Jon: Speaking of bluegrass—this is a little off topic, but have you seen Steve Martin play bluegrass?

Matt: It’s pretty good.
Jon: You gotta check it out.
Chris: It’s pretty awesome.
Jon: Outta control. He’s got a band.
Chris: Wasn’t he the number one banjo player in the—
Jon: Yeah, he won the best banjo player of the year in the Bluegrass Awards.
Julia: You’re kidding!
Jon: I’m not fucking with you.
Julia: Steve Martin, like …
Jon: Steve Martin. I got tickets to go see him, I thought it was gonna be this comedy bluesy thing. Fuck that, he did like five minutes of comedy and then they did a two hour set of live bluegrass.
Julia: Was it fantastic?
Jon: It was unbelievable. I left there wowed.
Chris: He sings, too.
Jon: He sings, he writes all the music, writes all the songs, and he won best banjo player of the year at the Bluegrass Awards. They also won best album at the Bluegrass Awards.
Julia: I wonder if he’s one of those people who’s good at like five different things—
Jon: Everything! He’s like ninety!
Julia: And just like wins the awards for all of these different—

Jon: How?! How are you good at everything? Fuck you Steve Martin. Fuck. You.

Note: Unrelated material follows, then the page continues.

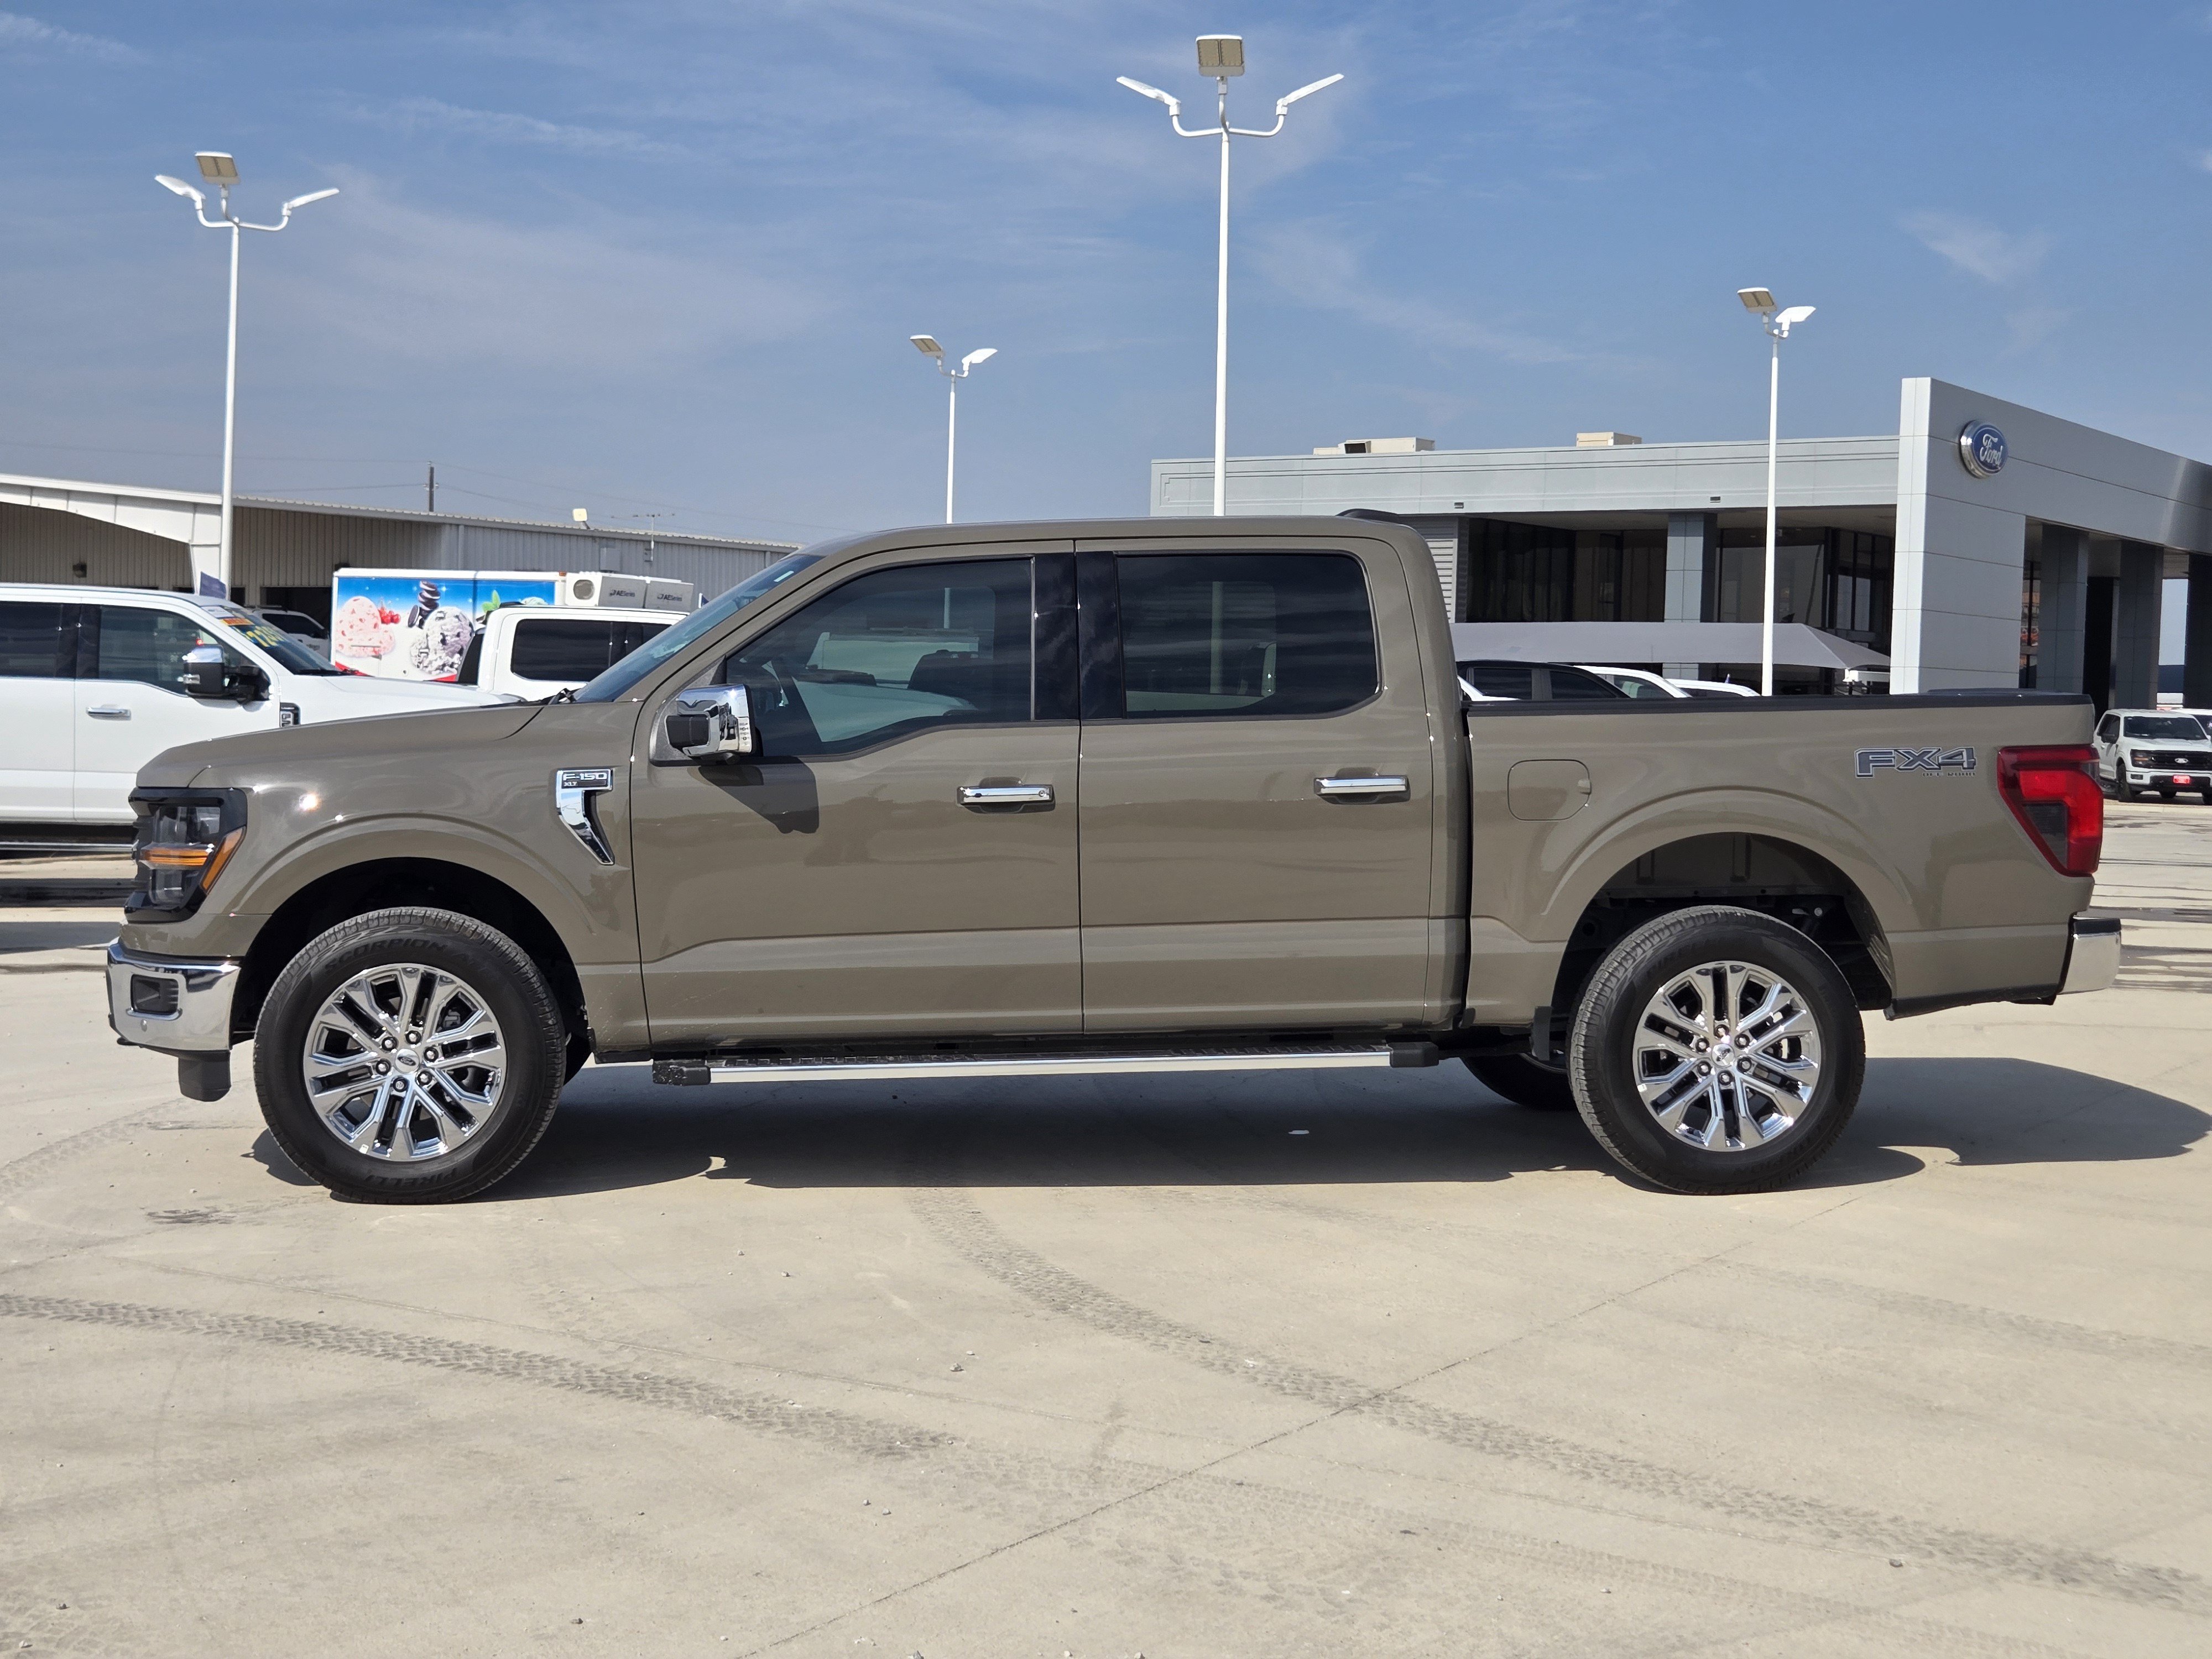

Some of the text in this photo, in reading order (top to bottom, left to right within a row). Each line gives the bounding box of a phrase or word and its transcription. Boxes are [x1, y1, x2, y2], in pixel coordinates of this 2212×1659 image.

[1979, 433, 2004, 466] Ford
[563, 772, 607, 781] F-150
[1855, 747, 1976, 778] FX4
[324, 937, 447, 975] SCORPION

Chris: If there was a Grammy award for drinking, we might win that.
Julia: Yeah? You guys are big party animals.

ON CO-WRITING; VOLTRON?:

Julia: It’s an interesting thing—when you have four people working on a song together, there’s potential for the intention behind the song to become diluted.
Matt: Absolutely! Yes.
Julia: Whereas when you’re working by yourself it’s all—I do feel like when I’m working alone I’m pulling from my gut, I’m saying exactly what I wanna say the way I would say it. And even when you present it to other people and say “Hey guys, I did this, let’s move forward with this,” there’s gonna be three other people’s personalities inherently involved in the music.
Matt: How do you feel when you’ve finished that? When you get to that point and you hand it to other people?
Julia: Ah … that’s an interesting question!
Matt: Because this happens to me all the time. This is pretty much what I do, is I start off with all the music and then I hand it to them, and I’m like, “What do we need to do to this?”
Julia: And we discuss and we’re like “This needs to change, or this part needs to change.”

Matt: When I first started doing that, it wasn’t always the easiest thing to be like, “That took me four fucking hours to do and you don’t like it!”

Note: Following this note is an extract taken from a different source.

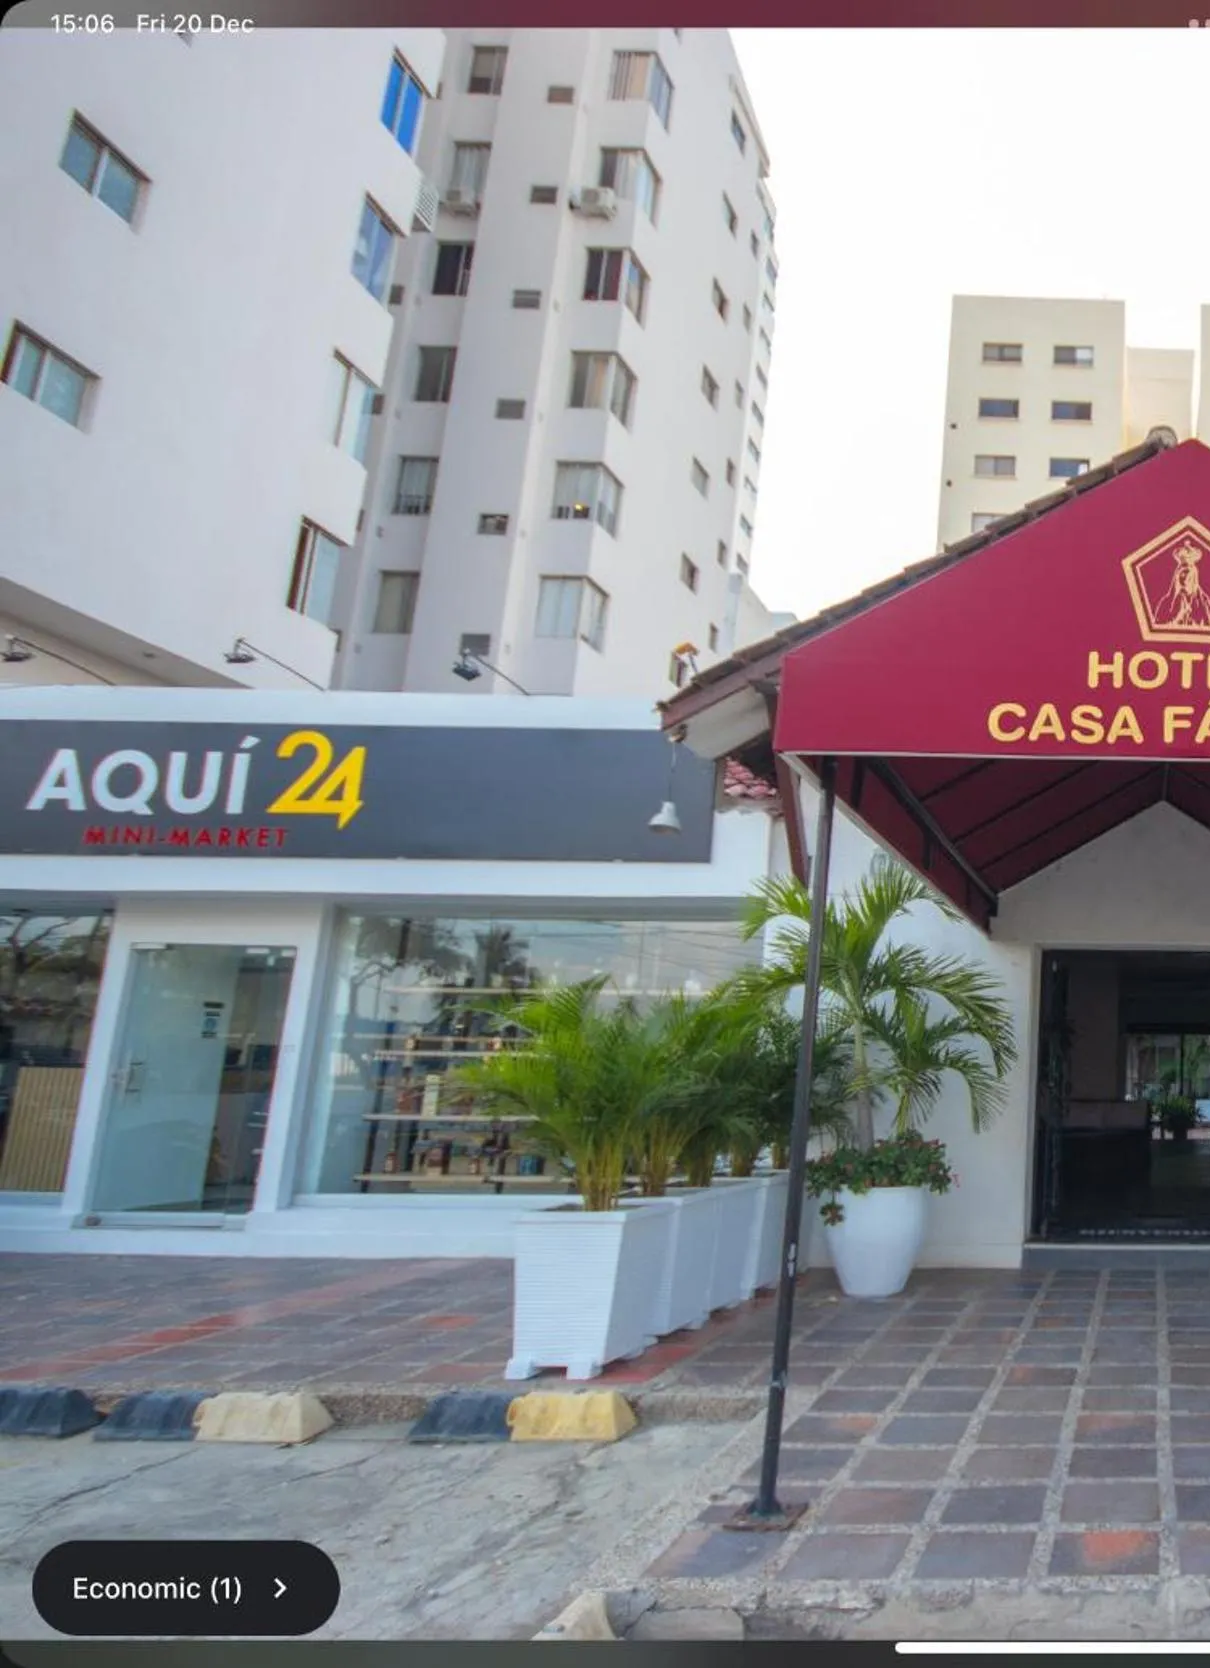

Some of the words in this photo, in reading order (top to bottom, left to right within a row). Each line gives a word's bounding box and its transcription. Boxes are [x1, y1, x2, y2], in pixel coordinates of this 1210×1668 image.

[987, 702, 1145, 745] CASA
[25, 735, 262, 817] AQUÍ
[265, 729, 368, 830] 24
[82, 825, 289, 848] MINI-MARKET

How do you deal—does that happen to you?
Julia: Oh, totally. When you work on something for awhile and then you bring it to three other people and say, “Hey let’s work on this together now!” I mean it’s exciting, it’s intriguing and I’m usually curious about what’s gonna happen. But at the same time, I have to keep myself in check and be like, “Ok Julia, don’t lose your temper—“
Matt: “—Take a deep breathe—“

Julia: “—And don’t be a little bitch about this.” [laughs]

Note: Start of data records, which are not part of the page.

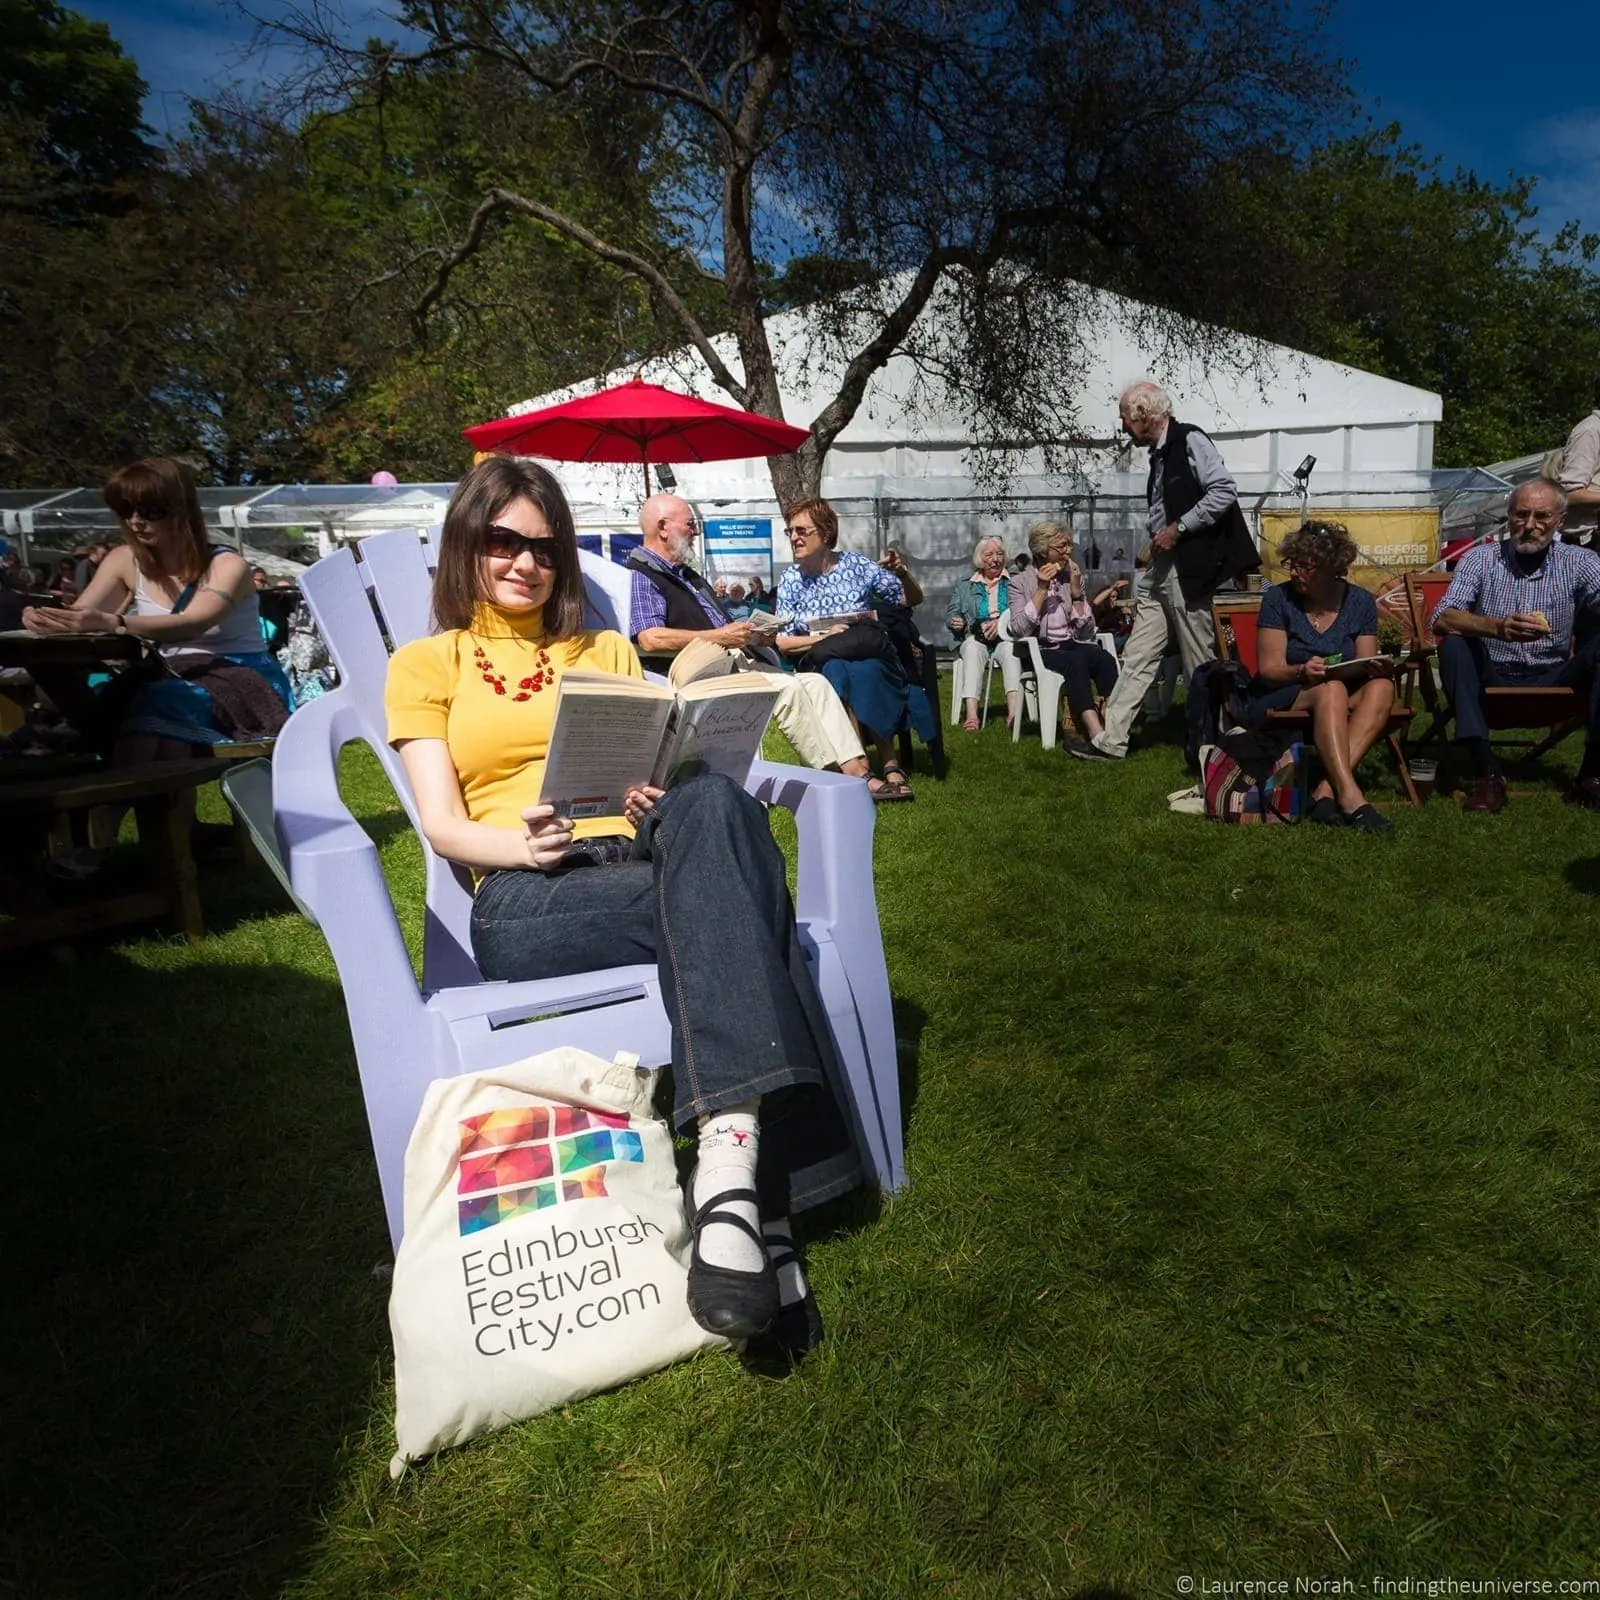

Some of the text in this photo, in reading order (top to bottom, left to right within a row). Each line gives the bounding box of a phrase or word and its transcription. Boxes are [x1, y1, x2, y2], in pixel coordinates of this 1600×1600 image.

[1371, 553, 1428, 565] THEATRE
[1374, 544, 1428, 555] GIFFORD
[462, 1215, 664, 1287] Edinburgh
[467, 1245, 621, 1325] Festival
[475, 1283, 660, 1356] City.com

Matt: Well, I’ve had the same conversation with myself a lot about not being a little bitch.

Chris: Since you’re a singer-songwriter, and in that sort of a position—I’m curious why you don’t just show up and go “These are the lyrics, this is the chord progression.”
Julia: Well, it depends on the song. In the past I’ve always worked that way. With the guys I’m working with now, I brought them songs and I’m like, “Okay, this is the song. You do what you think makes sense to go with what I’ve already written.” And now we’re venturing into the territory of actually co-writing. In some ways, it’s easier because you have four brains in one room instead of one.
Matt: You ever run into this? Someone comes up with half an idea and you’re like “Holy crap, I’m gonna complete this idea, and it’s awesome.” You ever done that?
Julia: Yeah!
Matt: Chris and I have definitely done it before. Jon and I have done that before.
Jon: That process I like a lot. I have a riff in my head—“Let’s get that down”—and then one person will do something to it, and somebody will do something to it, and all the songs we’ve done like that have come out really well..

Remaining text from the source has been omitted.